"""
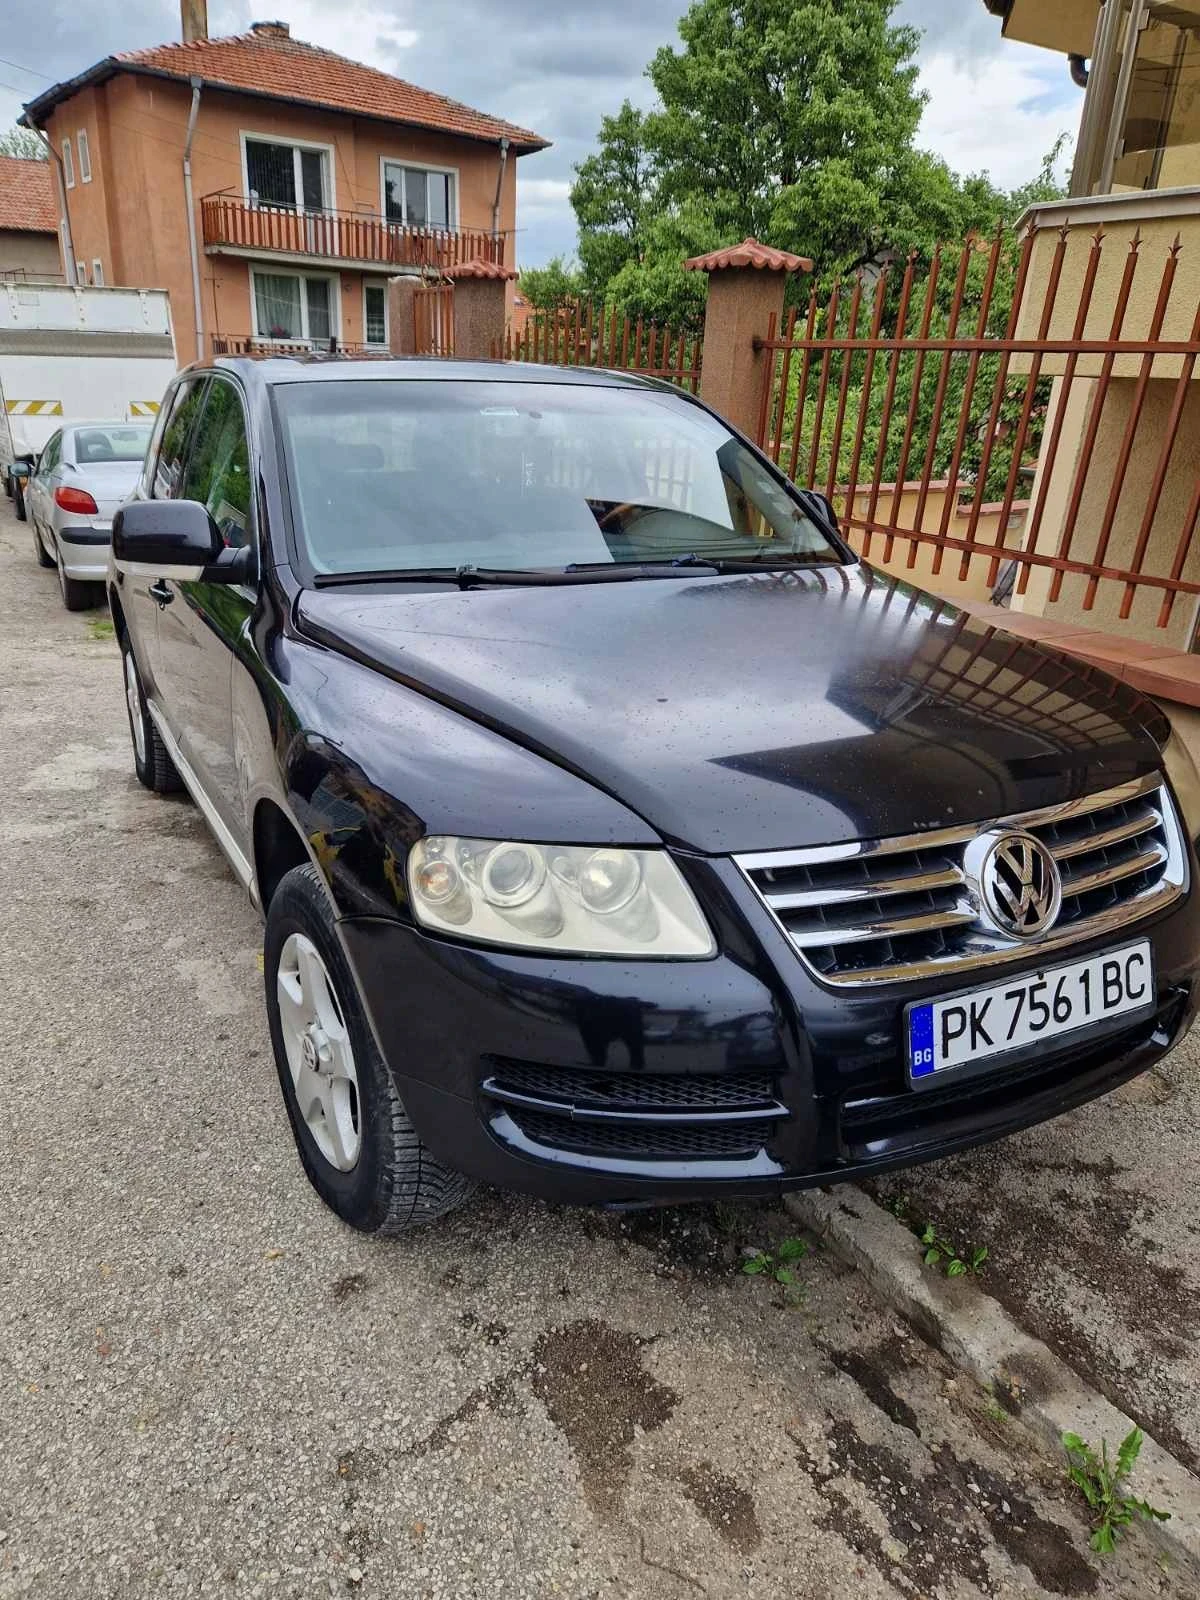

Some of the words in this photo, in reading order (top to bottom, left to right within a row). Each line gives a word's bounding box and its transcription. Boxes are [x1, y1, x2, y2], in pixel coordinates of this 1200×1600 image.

[941, 997, 993, 1059] PK
[1005, 968, 1089, 1041] 7561
[1102, 953, 1145, 1010] BC
[914, 1047, 932, 1066] BG
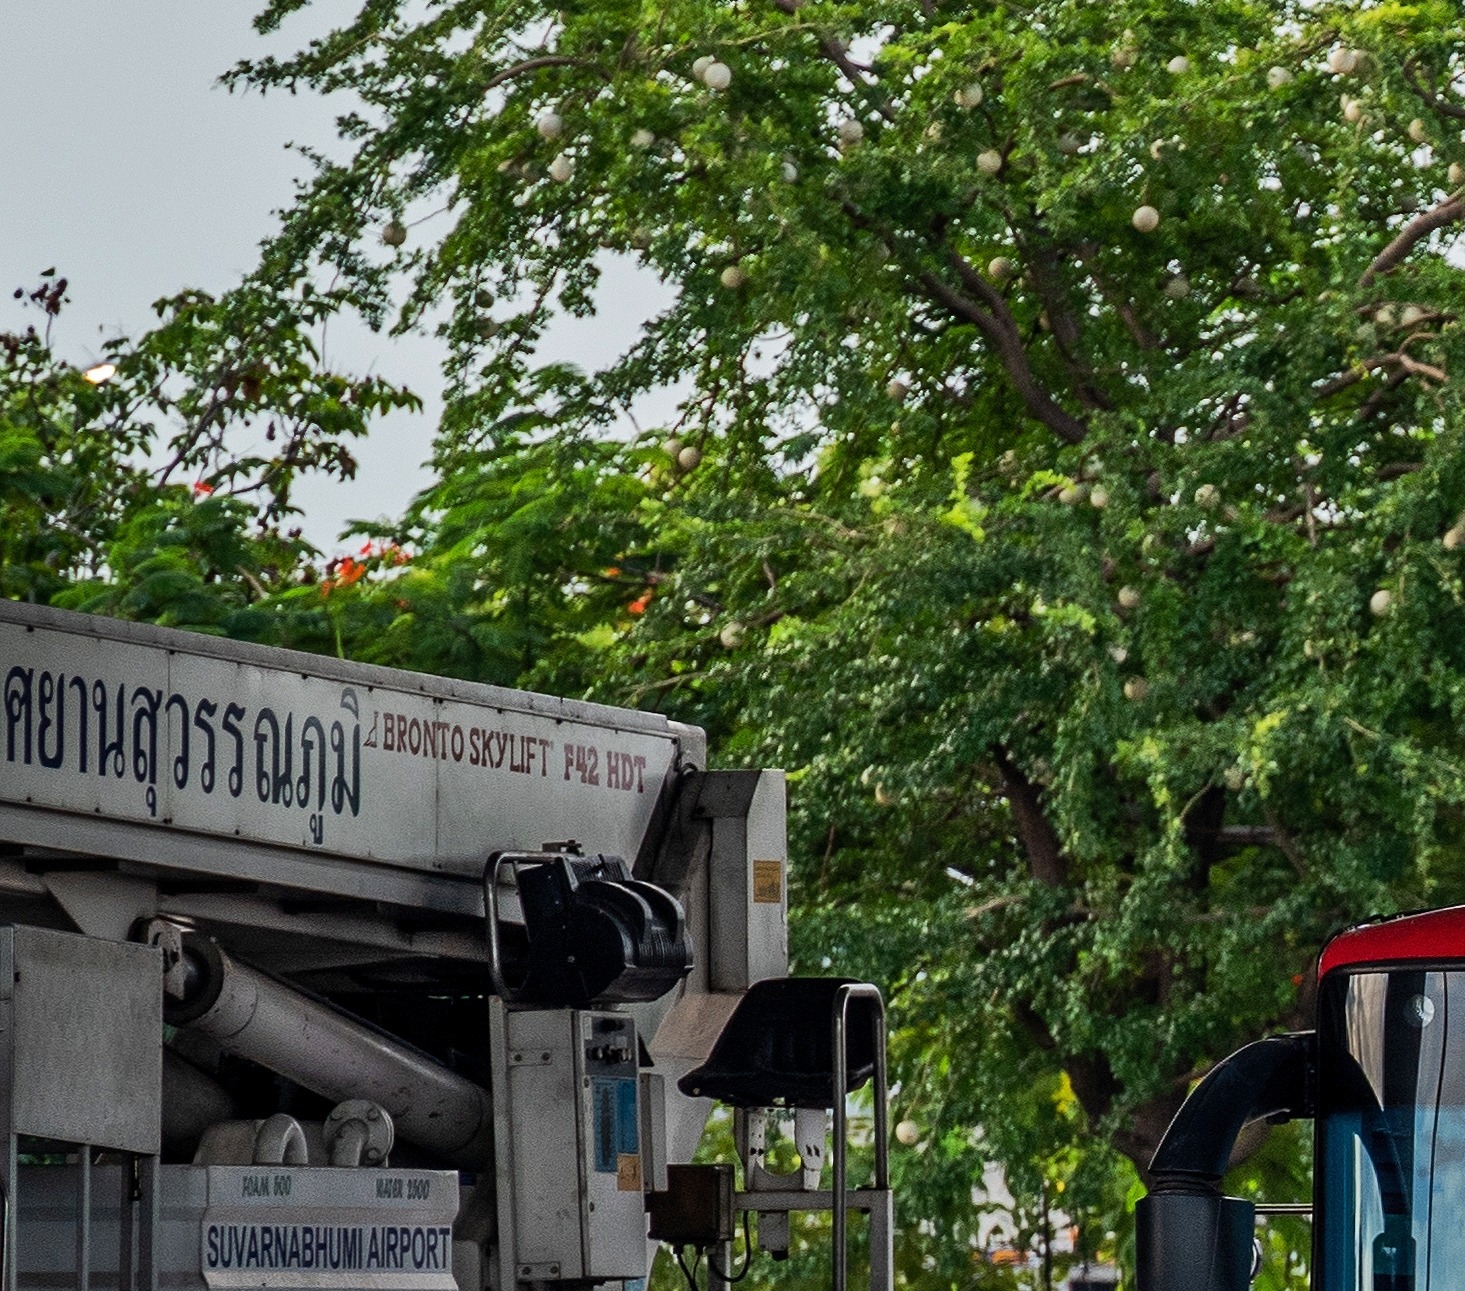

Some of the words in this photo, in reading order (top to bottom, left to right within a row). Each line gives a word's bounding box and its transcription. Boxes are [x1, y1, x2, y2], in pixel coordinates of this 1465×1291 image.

[3, 665, 361, 845] ศยานสุวรรณภูมิ
[383, 712, 465, 763] BRONTO
[469, 726, 551, 778] SKYLIFT
[606, 750, 646, 794] HDT
[207, 1225, 363, 1270] SUVARNABHUMI
[366, 1227, 451, 1270] AIRPORT
"""
▶ **Problem requirements**
Everything in the data except the pictures must be transcribed exactly.

▶ **Result**
Some of the words in this photo, in reading order (top to bottom, left to right within a row). Each line gives a word's bounding box and its transcription. Boxes are [x1, y1, x2, y2], in pixel coordinates of this 1200×1600 image.

[941, 997, 993, 1059] PK
[1005, 968, 1089, 1041] 7561
[1102, 953, 1145, 1010] BC
[914, 1047, 932, 1066] BG

Some of the words in this photo, in reading order (top to bottom, left to right within a row). Each line gives a word's bounding box and its transcription. Boxes are [x1, y1, x2, y2], in pixel coordinates of this 1465×1291 image.

[3, 665, 361, 845] ศยานสุวรรณภูมิ
[383, 712, 465, 763] BRONTO
[469, 726, 551, 778] SKYLIFT
[606, 750, 646, 794] HDT
[207, 1225, 363, 1270] SUVARNABHUMI
[366, 1227, 451, 1270] AIRPORT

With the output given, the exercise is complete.